=== TRY IT ===
Here the job is to copy the data exactly and to exclude every image from it.

(INPUT FOR THIS TASK)

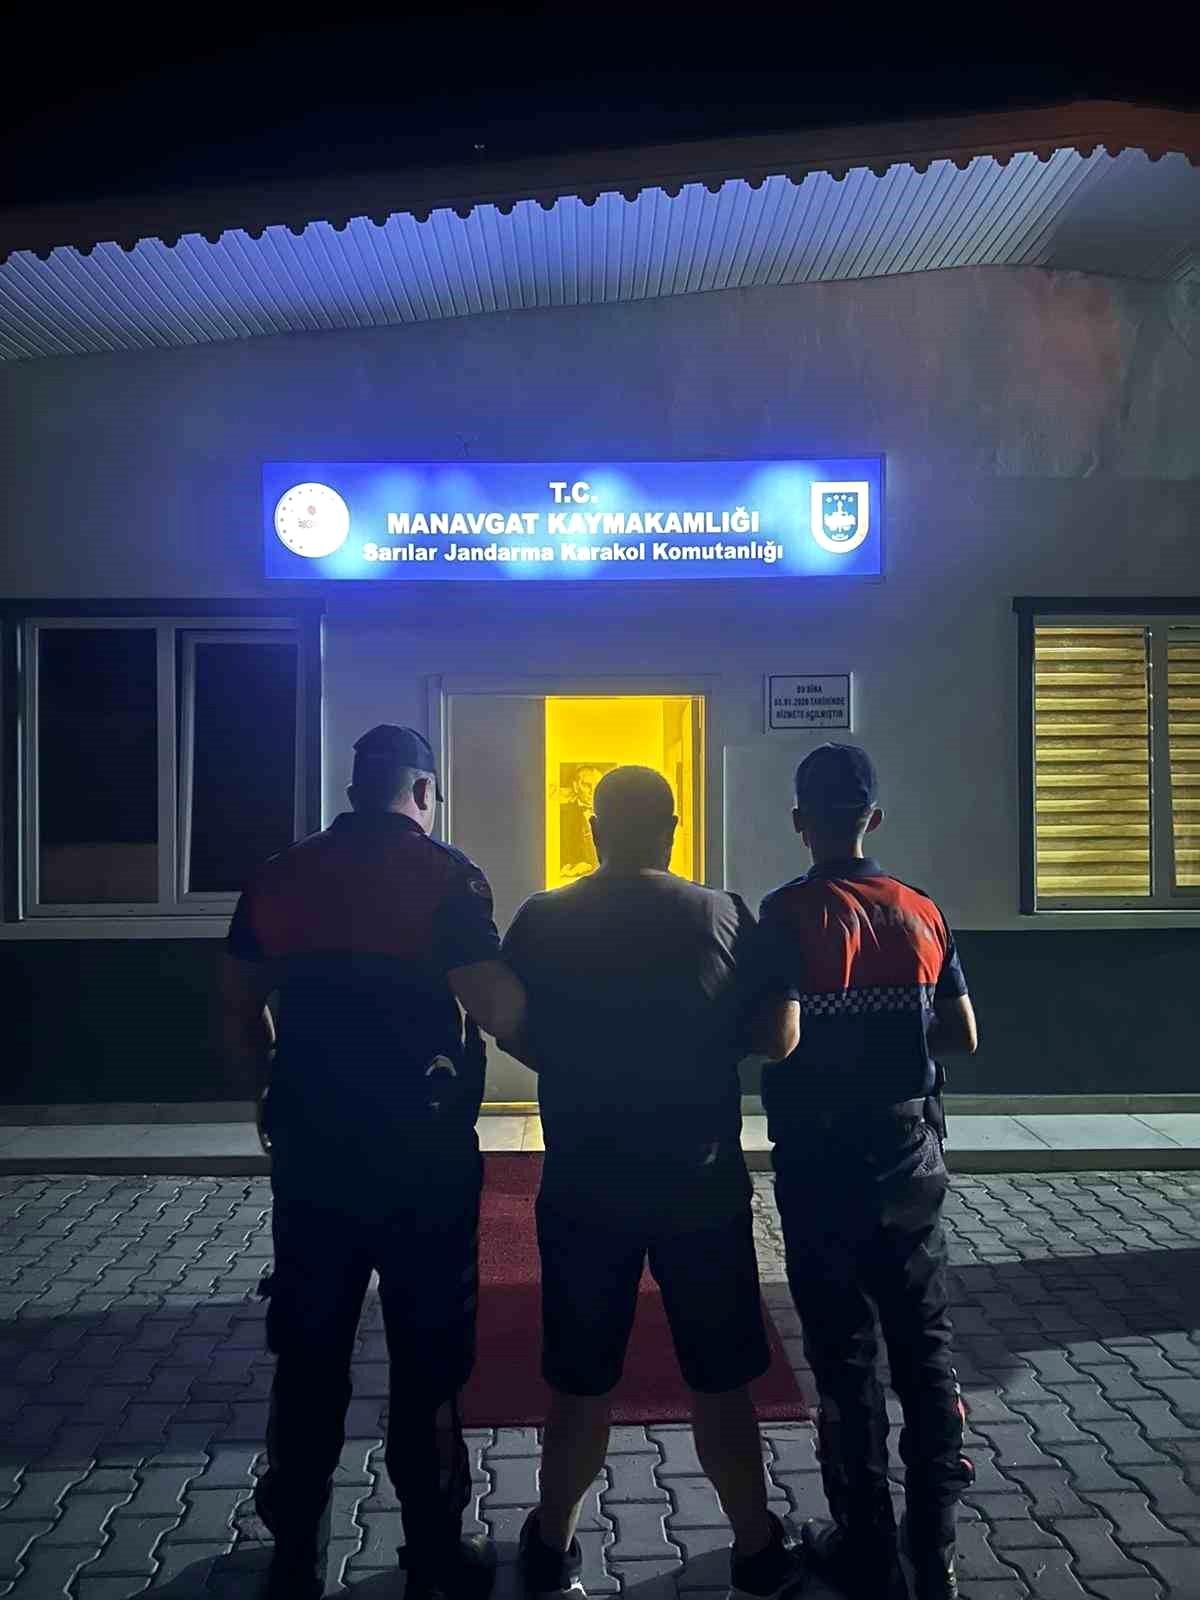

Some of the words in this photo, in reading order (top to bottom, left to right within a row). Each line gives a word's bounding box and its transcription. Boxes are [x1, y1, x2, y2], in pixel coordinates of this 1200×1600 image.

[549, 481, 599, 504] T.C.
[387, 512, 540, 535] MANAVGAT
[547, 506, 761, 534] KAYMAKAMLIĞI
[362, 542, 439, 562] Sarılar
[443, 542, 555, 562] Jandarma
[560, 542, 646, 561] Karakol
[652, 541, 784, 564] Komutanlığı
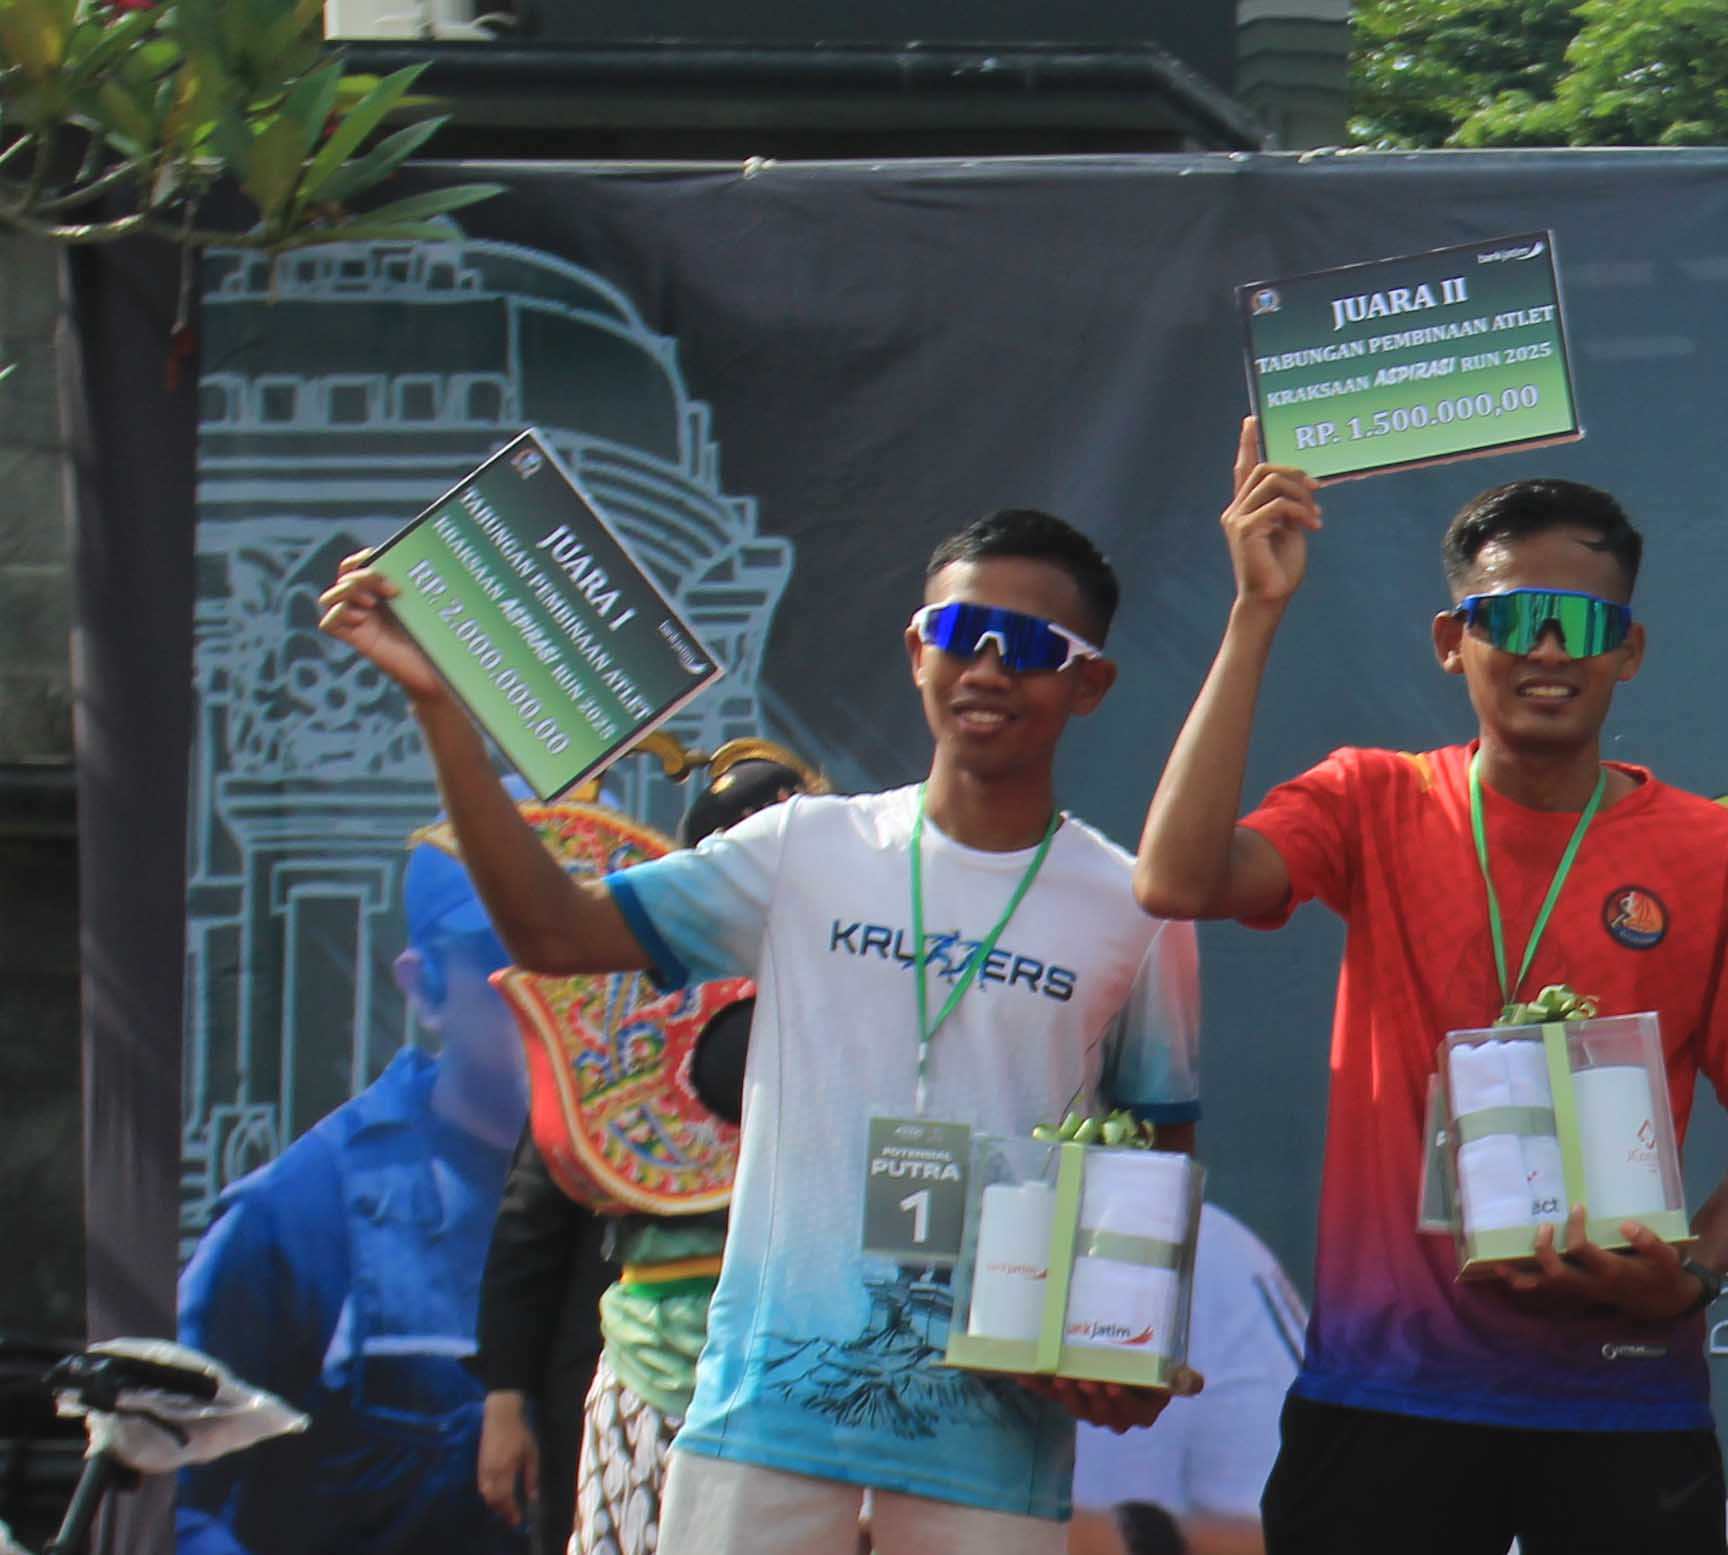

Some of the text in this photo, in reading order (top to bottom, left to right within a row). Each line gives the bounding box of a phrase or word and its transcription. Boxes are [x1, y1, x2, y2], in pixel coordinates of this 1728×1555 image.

(End INPUT FOR THIS TASK)

=== EXPECTED ANSWER ===
Some of the words in this photo, in reading order (top to bottom, left to right within a row). Each line gives a word's bounding box and its transcription. Boxes are [x1, y1, x2, y2], in pixel coordinates of this 1200×1600 image.

[549, 481, 599, 504] T.C.
[387, 512, 540, 535] MANAVGAT
[547, 506, 761, 534] KAYMAKAMLIĞI
[362, 542, 439, 562] Sarılar
[443, 542, 555, 562] Jandarma
[560, 542, 646, 561] Karakol
[652, 541, 784, 564] Komutanlığı

Some of the text in this photo, in reading order (top to bottom, left to right within a row). Each line gives the bounding box of a phrase or word and its transcription. Boxes are [x1, y1, x2, y2], in pixel coordinates of this 1728×1555 image.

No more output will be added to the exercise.